(Stored data entries)
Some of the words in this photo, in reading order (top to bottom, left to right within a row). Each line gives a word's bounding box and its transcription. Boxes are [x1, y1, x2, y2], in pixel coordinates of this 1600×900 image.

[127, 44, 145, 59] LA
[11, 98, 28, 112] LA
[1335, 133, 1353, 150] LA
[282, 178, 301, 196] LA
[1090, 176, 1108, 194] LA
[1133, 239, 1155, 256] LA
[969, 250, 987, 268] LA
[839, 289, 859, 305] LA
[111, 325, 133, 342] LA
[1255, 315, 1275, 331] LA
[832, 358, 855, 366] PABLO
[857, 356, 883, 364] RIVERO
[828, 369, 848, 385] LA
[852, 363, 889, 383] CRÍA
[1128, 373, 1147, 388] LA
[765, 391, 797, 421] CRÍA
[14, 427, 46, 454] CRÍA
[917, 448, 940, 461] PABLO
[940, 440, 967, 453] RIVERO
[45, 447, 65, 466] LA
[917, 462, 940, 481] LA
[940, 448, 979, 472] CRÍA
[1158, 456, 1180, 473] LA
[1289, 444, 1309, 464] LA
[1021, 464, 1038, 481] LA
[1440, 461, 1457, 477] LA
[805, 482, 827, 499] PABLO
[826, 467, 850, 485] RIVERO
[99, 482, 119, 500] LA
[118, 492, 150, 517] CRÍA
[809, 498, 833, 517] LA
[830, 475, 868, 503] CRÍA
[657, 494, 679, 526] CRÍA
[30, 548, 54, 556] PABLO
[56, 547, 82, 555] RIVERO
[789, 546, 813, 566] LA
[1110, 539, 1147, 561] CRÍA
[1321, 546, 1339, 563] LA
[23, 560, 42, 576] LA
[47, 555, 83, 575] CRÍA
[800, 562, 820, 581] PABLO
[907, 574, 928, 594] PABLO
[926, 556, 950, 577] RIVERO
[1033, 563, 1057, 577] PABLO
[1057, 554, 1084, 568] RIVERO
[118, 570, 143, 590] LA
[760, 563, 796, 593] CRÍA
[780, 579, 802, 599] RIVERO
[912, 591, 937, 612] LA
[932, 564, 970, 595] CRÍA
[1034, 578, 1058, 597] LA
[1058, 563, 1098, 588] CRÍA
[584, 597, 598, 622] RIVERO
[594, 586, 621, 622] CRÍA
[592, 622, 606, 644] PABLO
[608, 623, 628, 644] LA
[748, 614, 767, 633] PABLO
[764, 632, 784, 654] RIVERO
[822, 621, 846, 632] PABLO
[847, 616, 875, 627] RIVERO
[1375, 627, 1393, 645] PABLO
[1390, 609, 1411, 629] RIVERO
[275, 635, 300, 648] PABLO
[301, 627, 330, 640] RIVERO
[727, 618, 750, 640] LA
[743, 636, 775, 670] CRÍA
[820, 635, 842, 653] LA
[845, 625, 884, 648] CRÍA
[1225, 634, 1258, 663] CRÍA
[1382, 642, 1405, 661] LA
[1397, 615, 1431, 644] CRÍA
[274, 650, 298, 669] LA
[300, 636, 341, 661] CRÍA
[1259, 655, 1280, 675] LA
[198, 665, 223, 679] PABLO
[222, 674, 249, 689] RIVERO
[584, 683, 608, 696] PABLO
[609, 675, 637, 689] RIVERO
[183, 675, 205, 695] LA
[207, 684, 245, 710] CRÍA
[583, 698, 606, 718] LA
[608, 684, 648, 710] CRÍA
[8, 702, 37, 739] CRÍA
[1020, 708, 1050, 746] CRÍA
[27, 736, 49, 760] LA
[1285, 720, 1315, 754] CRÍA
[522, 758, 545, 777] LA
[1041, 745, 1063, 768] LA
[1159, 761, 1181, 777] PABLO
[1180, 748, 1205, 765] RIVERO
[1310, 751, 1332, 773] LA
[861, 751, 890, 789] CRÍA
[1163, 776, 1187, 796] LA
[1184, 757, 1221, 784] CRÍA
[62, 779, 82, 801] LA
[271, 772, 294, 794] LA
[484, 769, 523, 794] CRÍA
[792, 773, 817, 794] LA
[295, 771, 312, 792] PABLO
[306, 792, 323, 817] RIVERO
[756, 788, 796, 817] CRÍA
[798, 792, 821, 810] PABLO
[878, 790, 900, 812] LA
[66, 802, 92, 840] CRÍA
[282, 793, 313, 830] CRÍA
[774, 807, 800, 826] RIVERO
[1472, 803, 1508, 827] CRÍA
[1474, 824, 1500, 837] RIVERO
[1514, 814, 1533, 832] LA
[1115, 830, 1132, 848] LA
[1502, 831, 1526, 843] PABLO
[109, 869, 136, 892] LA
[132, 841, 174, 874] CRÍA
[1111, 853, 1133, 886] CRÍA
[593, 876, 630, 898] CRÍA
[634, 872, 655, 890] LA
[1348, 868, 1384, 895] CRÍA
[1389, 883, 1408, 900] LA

## [What is required]
Go through the data above and return every line exactly.

## [Problem solution]
Some of the words in this photo, in reading order (top to bottom, left to right within a row). Each line gives a word's bounding box and its transcription. Boxes are [x1, y1, x2, y2], in pixel coordinates of this 1600×900 image.

[127, 44, 145, 59] LA
[11, 98, 28, 112] LA
[1335, 133, 1353, 150] LA
[282, 178, 301, 196] LA
[1090, 176, 1108, 194] LA
[1133, 239, 1155, 256] LA
[969, 250, 987, 268] LA
[839, 289, 859, 305] LA
[111, 325, 133, 342] LA
[1255, 315, 1275, 331] LA
[832, 358, 855, 366] PABLO
[857, 356, 883, 364] RIVERO
[828, 369, 848, 385] LA
[852, 363, 889, 383] CRÍA
[1128, 373, 1147, 388] LA
[765, 391, 797, 421] CRÍA
[14, 427, 46, 454] CRÍA
[917, 448, 940, 461] PABLO
[940, 440, 967, 453] RIVERO
[45, 447, 65, 466] LA
[917, 462, 940, 481] LA
[940, 448, 979, 472] CRÍA
[1158, 456, 1180, 473] LA
[1289, 444, 1309, 464] LA
[1021, 464, 1038, 481] LA
[1440, 461, 1457, 477] LA
[805, 482, 827, 499] PABLO
[826, 467, 850, 485] RIVERO
[99, 482, 119, 500] LA
[118, 492, 150, 517] CRÍA
[809, 498, 833, 517] LA
[830, 475, 868, 503] CRÍA
[657, 494, 679, 526] CRÍA
[30, 548, 54, 556] PABLO
[56, 547, 82, 555] RIVERO
[789, 546, 813, 566] LA
[1110, 539, 1147, 561] CRÍA
[1321, 546, 1339, 563] LA
[23, 560, 42, 576] LA
[47, 555, 83, 575] CRÍA
[800, 562, 820, 581] PABLO
[907, 574, 928, 594] PABLO
[926, 556, 950, 577] RIVERO
[1033, 563, 1057, 577] PABLO
[1057, 554, 1084, 568] RIVERO
[118, 570, 143, 590] LA
[760, 563, 796, 593] CRÍA
[780, 579, 802, 599] RIVERO
[912, 591, 937, 612] LA
[932, 564, 970, 595] CRÍA
[1034, 578, 1058, 597] LA
[1058, 563, 1098, 588] CRÍA
[584, 597, 598, 622] RIVERO
[594, 586, 621, 622] CRÍA
[592, 622, 606, 644] PABLO
[608, 623, 628, 644] LA
[748, 614, 767, 633] PABLO
[764, 632, 784, 654] RIVERO
[822, 621, 846, 632] PABLO
[847, 616, 875, 627] RIVERO
[1375, 627, 1393, 645] PABLO
[1390, 609, 1411, 629] RIVERO
[275, 635, 300, 648] PABLO
[301, 627, 330, 640] RIVERO
[727, 618, 750, 640] LA
[743, 636, 775, 670] CRÍA
[820, 635, 842, 653] LA
[845, 625, 884, 648] CRÍA
[1225, 634, 1258, 663] CRÍA
[1382, 642, 1405, 661] LA
[1397, 615, 1431, 644] CRÍA
[274, 650, 298, 669] LA
[300, 636, 341, 661] CRÍA
[1259, 655, 1280, 675] LA
[198, 665, 223, 679] PABLO
[222, 674, 249, 689] RIVERO
[584, 683, 608, 696] PABLO
[609, 675, 637, 689] RIVERO
[183, 675, 205, 695] LA
[207, 684, 245, 710] CRÍA
[583, 698, 606, 718] LA
[608, 684, 648, 710] CRÍA
[8, 702, 37, 739] CRÍA
[1020, 708, 1050, 746] CRÍA
[27, 736, 49, 760] LA
[1285, 720, 1315, 754] CRÍA
[522, 758, 545, 777] LA
[1041, 745, 1063, 768] LA
[1159, 761, 1181, 777] PABLO
[1180, 748, 1205, 765] RIVERO
[1310, 751, 1332, 773] LA
[861, 751, 890, 789] CRÍA
[1163, 776, 1187, 796] LA
[1184, 757, 1221, 784] CRÍA
[62, 779, 82, 801] LA
[271, 772, 294, 794] LA
[484, 769, 523, 794] CRÍA
[792, 773, 817, 794] LA
[295, 771, 312, 792] PABLO
[306, 792, 323, 817] RIVERO
[756, 788, 796, 817] CRÍA
[798, 792, 821, 810] PABLO
[878, 790, 900, 812] LA
[66, 802, 92, 840] CRÍA
[282, 793, 313, 830] CRÍA
[774, 807, 800, 826] RIVERO
[1472, 803, 1508, 827] CRÍA
[1474, 824, 1500, 837] RIVERO
[1514, 814, 1533, 832] LA
[1115, 830, 1132, 848] LA
[1502, 831, 1526, 843] PABLO
[109, 869, 136, 892] LA
[132, 841, 174, 874] CRÍA
[1111, 853, 1133, 886] CRÍA
[593, 876, 630, 898] CRÍA
[634, 872, 655, 890] LA
[1348, 868, 1384, 895] CRÍA
[1389, 883, 1408, 900] LA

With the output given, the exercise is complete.